L’ultima rilevazione dell’Istat fotografa un’Italia alle prese con una nuova e significativa impennata dei prezzi al consumo, con effetti particolarmente pesanti sul cosiddetto “carrello della spesa”, ovvero l’insieme dei prodotti acquistati con maggiore frequenza dalle famiglie. A incidere su questa dinamica è soprattutto il rincaro dei beni energetici, legato all’escalation della guerra in Iran, che ha determinato un aumento dei costi dei carburanti e, di conseguenza, dell’intera filiera distributiva.
Su base annua, l’indice nazionale dei prezzi al consumo registra un incremento dell’1,7%, ma è nei beni alimentari non lavorati che si osservano le variazioni più marcate: si passa da un +3,7% a un +4,7%, segnale evidente delle difficoltà che colpiscono i prodotti freschi. Parallelamente, l’inflazione di fondo – calcolata al netto degli energetici e degli alimentari freschi – mostra una lieve attenuazione, scendendo dal +2,4% al +1,9%.
Nel dettaglio, a marzo 2026 i prezzi dei beni tornano a crescere su base annua (+0,8%), mentre i servizi rallentano il loro ritmo di aumento. Un contributo al contenimento dell’inflazione arriva in particolare dai servizi ricreativi, culturali e per la cura della persona, oltre che dai servizi legati ai trasporti.
Tuttavia, la pressione sui consumi quotidiani resta elevata.
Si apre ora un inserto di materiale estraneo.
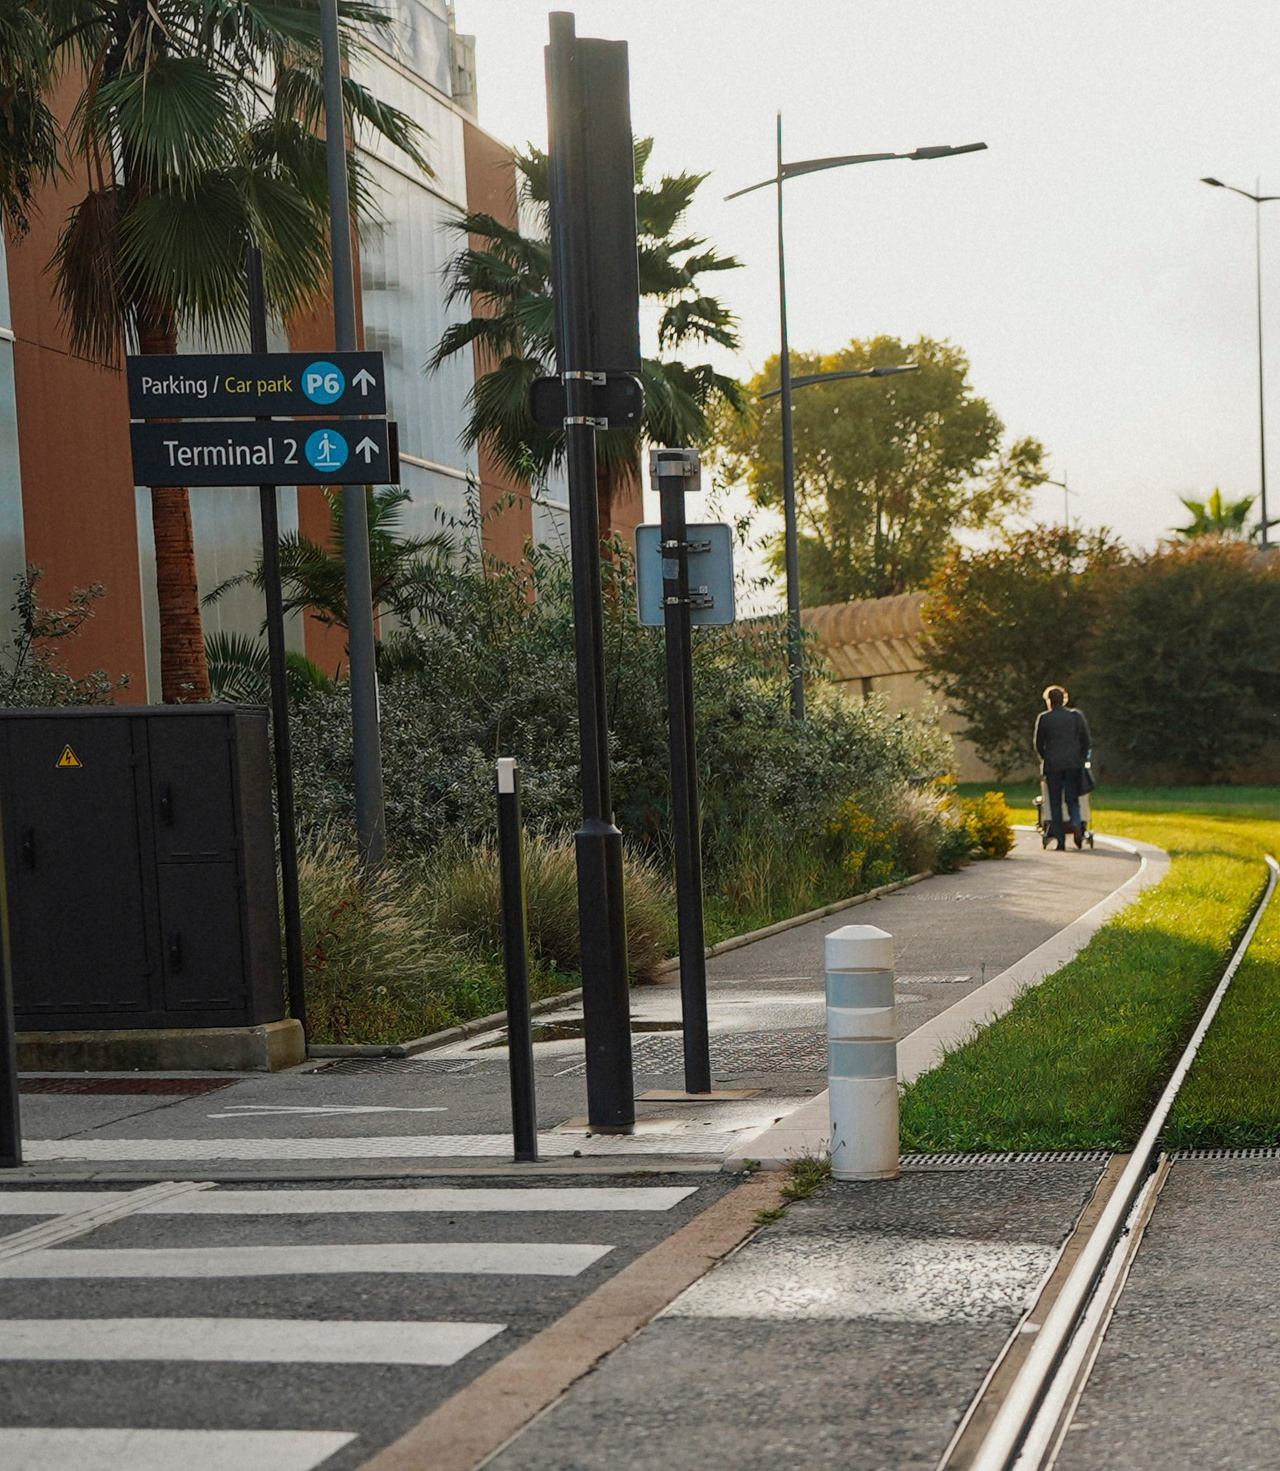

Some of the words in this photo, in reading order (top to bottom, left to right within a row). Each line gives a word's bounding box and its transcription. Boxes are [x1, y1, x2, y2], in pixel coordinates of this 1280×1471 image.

I prezzi dei beni alimentari e per la cura della casa e della persona salgono al +2,2%, mentre i prodotti ad alta frequenza d’acquisto registrano un’accelerazione ancora più significativa, passando dal +1,9% al +3,1%. Il “carrello della spesa” raggiunge così un incremento del +2,2%.
Particolarmente colpiti alcuni prodotti freschi: carne bovina (+8,4%), uova (+8,5%), limoni (+10,8%) e ortaggi come zucchine (+11,1%) e melanzane (+21,5%). Secondo Assoutenti, l’aumento dei carburanti ha aggravato i costi di trasporto, contribuendo direttamente ai rincari. L’associazione chiede al governo di prorogare il taglio delle accise e di vigilare su eventuali speculazioni.